Brave Story - Miyuki Miyabe [288]
“It’s a little hard to believe, but there’s someone up there, frozen. Or rather, it’s like a lump of ice in the shape of a person.”
The three exchanged glances. Meena gasped. “The fugitive…”
So he hadn’t been able to escape the punishment of Dela Rubesi. The Goddess’s wrath had found him all the way here in Sono. But if she could do that, why would she go to the trouble of appearing before the chiefs to tell them to capture the fugitive?
Wataru frowned. “Was anything unusual found in the office? Something like a blueprint—it might be a bundle of papers, or a tube.”

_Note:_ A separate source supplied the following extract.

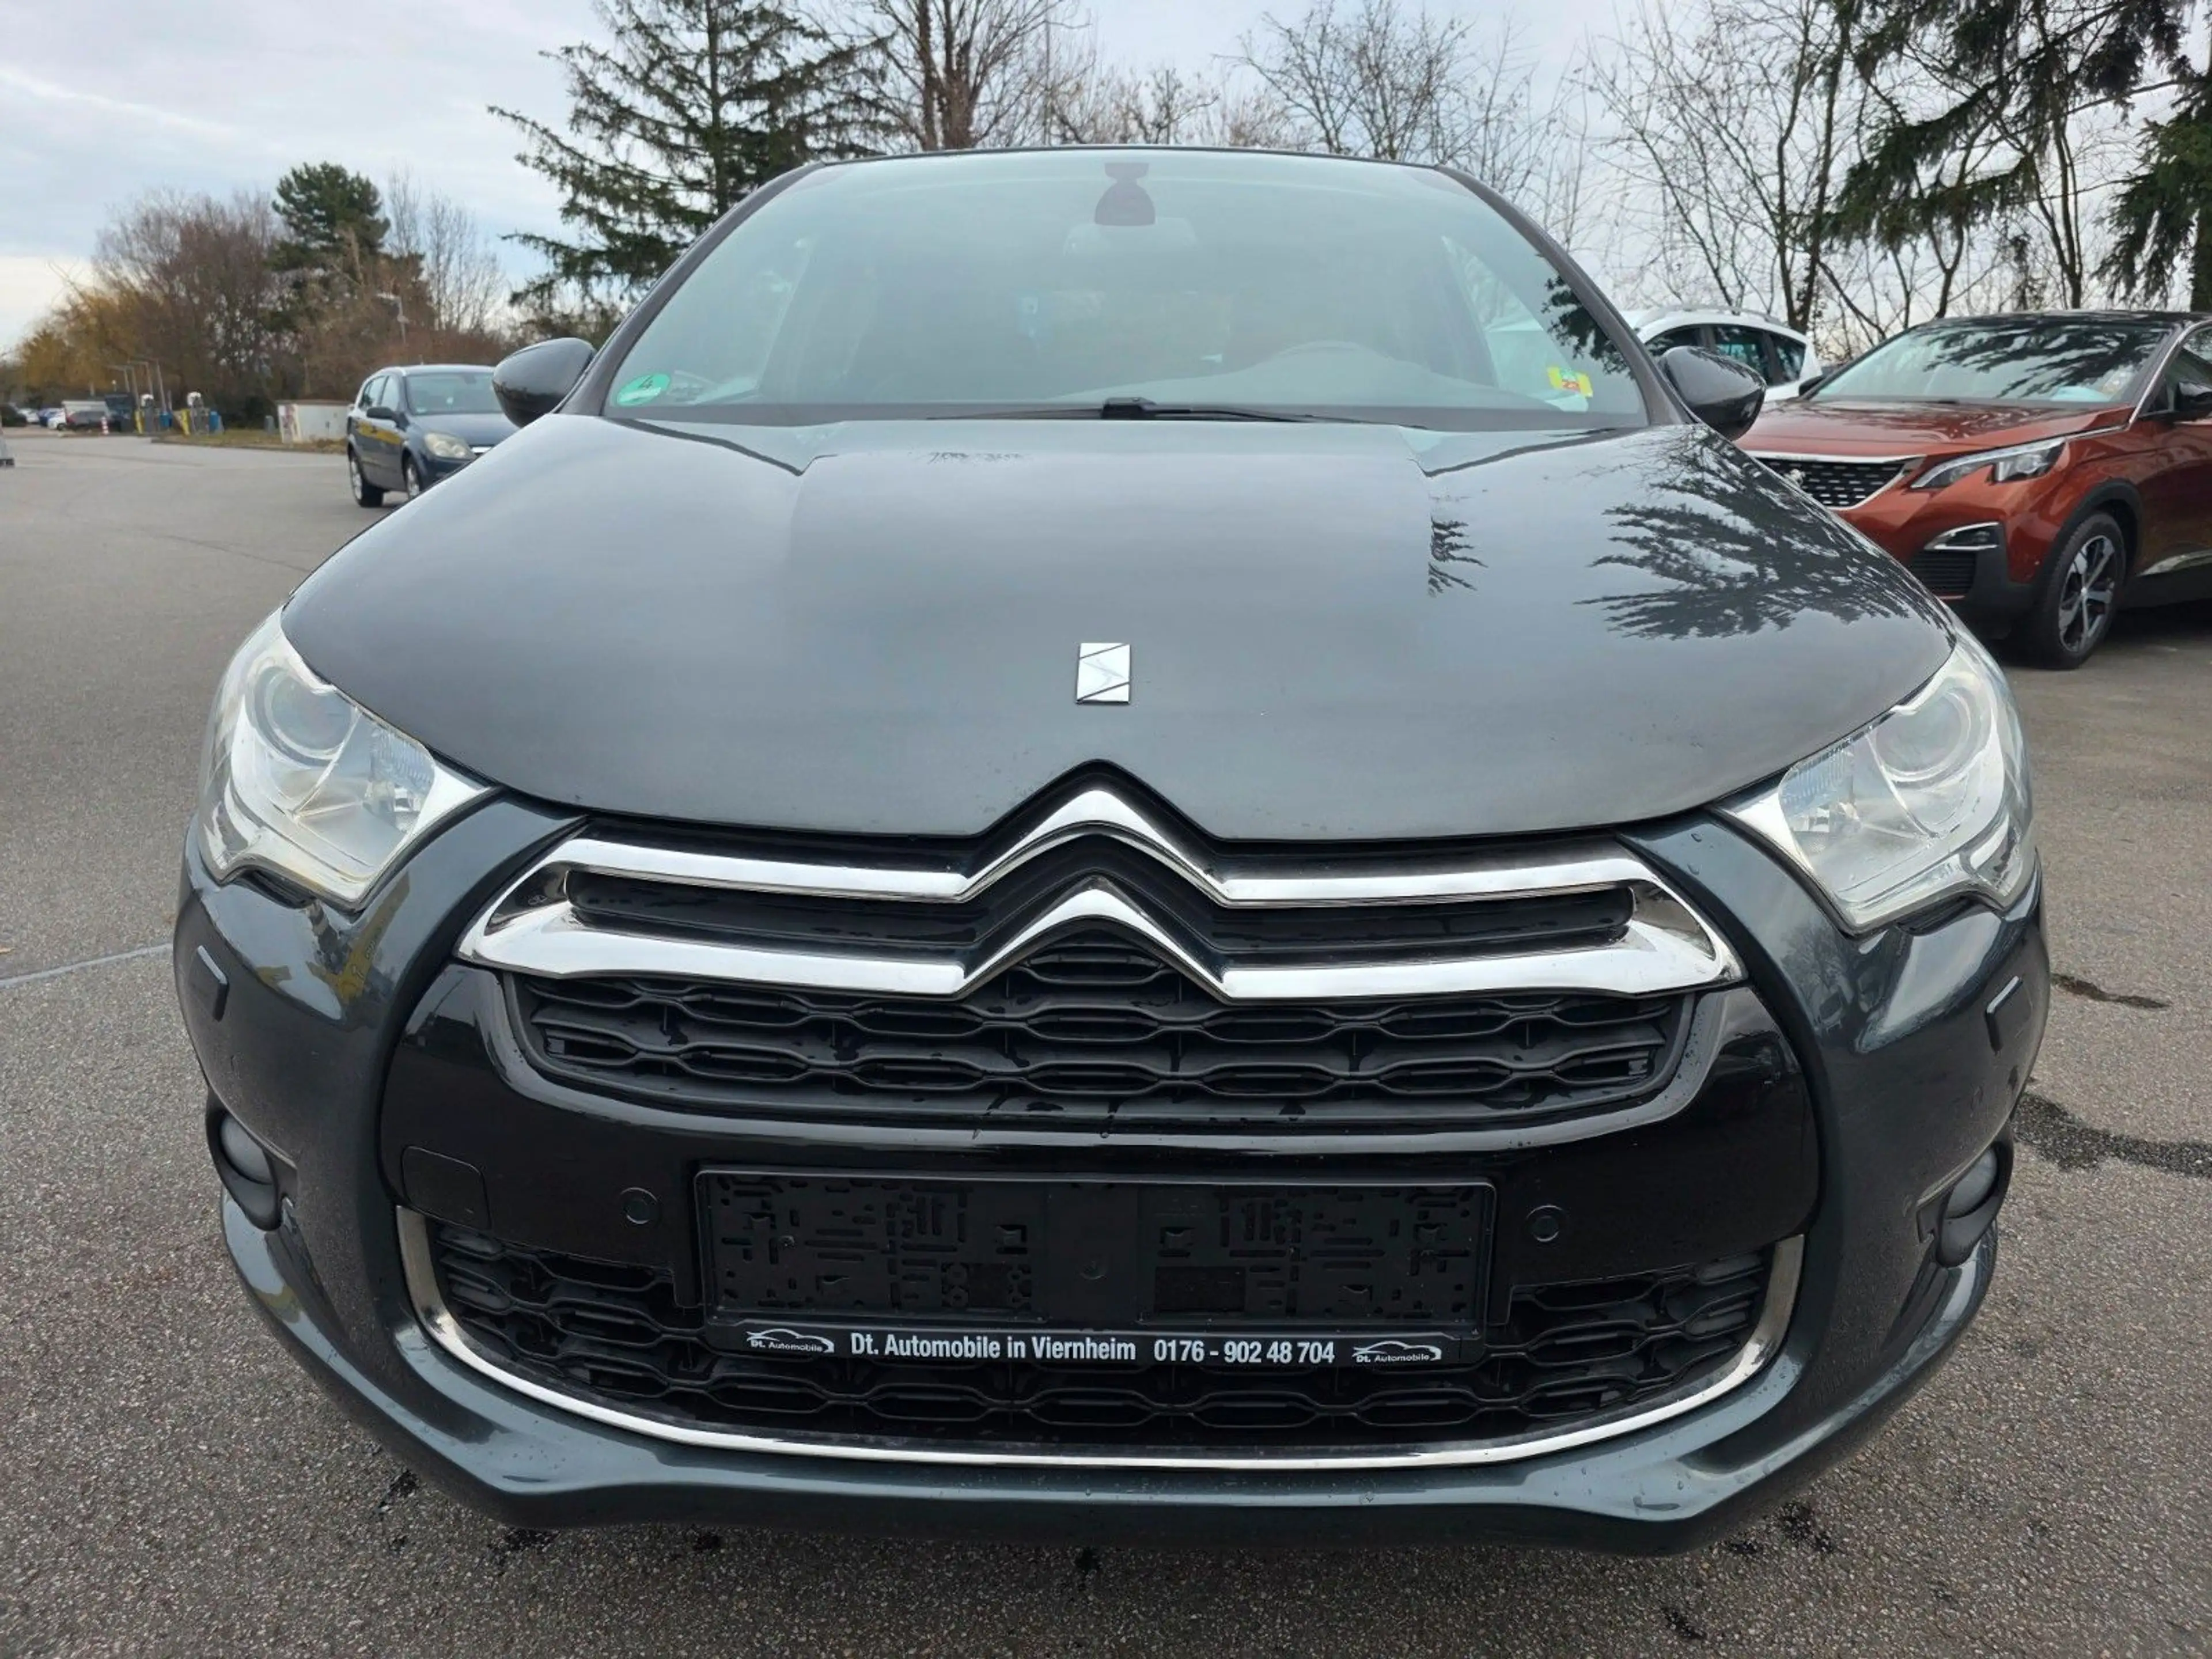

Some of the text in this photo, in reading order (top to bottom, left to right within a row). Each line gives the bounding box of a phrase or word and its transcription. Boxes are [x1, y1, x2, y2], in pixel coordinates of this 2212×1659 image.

“Well, it was kind of messy up there. Most of the Highlanders went down to the harbor. We don’t know where the captain is, so we needed to check out his sailship.”
“Then we’ll go to the warehouse and check it out. Is that okay?” Wataru asked, turning to the chief.
“It’s fine by me.”
Before the chief could finish, the entire branch building shook. The building itself was a simple structure of wooden planks topped by a tin roof and was quite old. The first jolt made the rafters squeak. The second and third rattled the windows out of their frames and sent shock waves through the floorboards, making it difficult to stand.
“What’s going on?!”
Wataru thought it was an earthquake. But Meena corrected him. “Tornado!” she screamed as she looked out the window.
Everyone ran outside. Meena was right. It was a tornado, and not just one; several twisting columns of air, one hundred feet high, rose all around the town. And they were moving in the same direction. Coming together. The simple, decrepit buildings in their path were shattered and smashed, scattered far and wide. The tornadoes pressed on. Toward the sea.
“That way’s the harbor, right?” Wataru shouted over the roar of the wind, pointing in the direction they were headed.
“Yeah,” the branch chief shouted back. “Those twisters’ll rip our sailships apart!”
In Wataru’s mind he replayed the scene at Triankha Hospital. The cyclone there had snatched up all those believers, leveled the thick-growing sula woods, and whisked Wataru all the way off to the Swamp of Grief on the far side of the continent. Mitsuru had done that with his wind magic.
Mitsuru’s at the harbor.
“I have to go!” Wataru shouted. Behind him, the branch building collapsed in a pile of rubble.
Running down the twisting streets of Sono toward the harbor, Wataru watched roofs ripped off warehouse homes and wooden pilings tossed and splintered. Windows broke, and rain gutters were twisted and ripped away. Things were falling and breaking everywhere. People ran out of their homes, hands over their heads, trying to escape. An old lady watched, astonished as her laundry was torn out of her hands, clothesline and all. Wataru saw her mouthing the words “My apron,” over and over. Dogs and cats were whipped into the air. Trees too. Wataru saw an oven slide up into one of the whirling vortexes.
Still the tornadoes advanced, and Wataru, Kee Keema, and Meena ran after them. Wherever the tornadoes had passed, people stood in shock and silence. As the three drew nearer to the tornadoes, the twirling winds buffeted them. Undaunted, Kee Keema forged onward, picking up a wooden door that had blown from somewhere along the way. He used it as a shield to block flying objects.
“Hang on to me!” Kee Keema shouted over the wind. Wataru hunched down, clinging to Kee Keema’s waist with both hands and putting his head against the waterkin’s broad back. Meena did the same, wrapping her tail around Wataru’s torso for good measure.
They were only a street away from the harbor now. They could see the quays from the road.
And then the wind stopped. Everything that had been lifted into the air suddenly came plummeting down. Wataru and his friends looked up into the sky over the harbor.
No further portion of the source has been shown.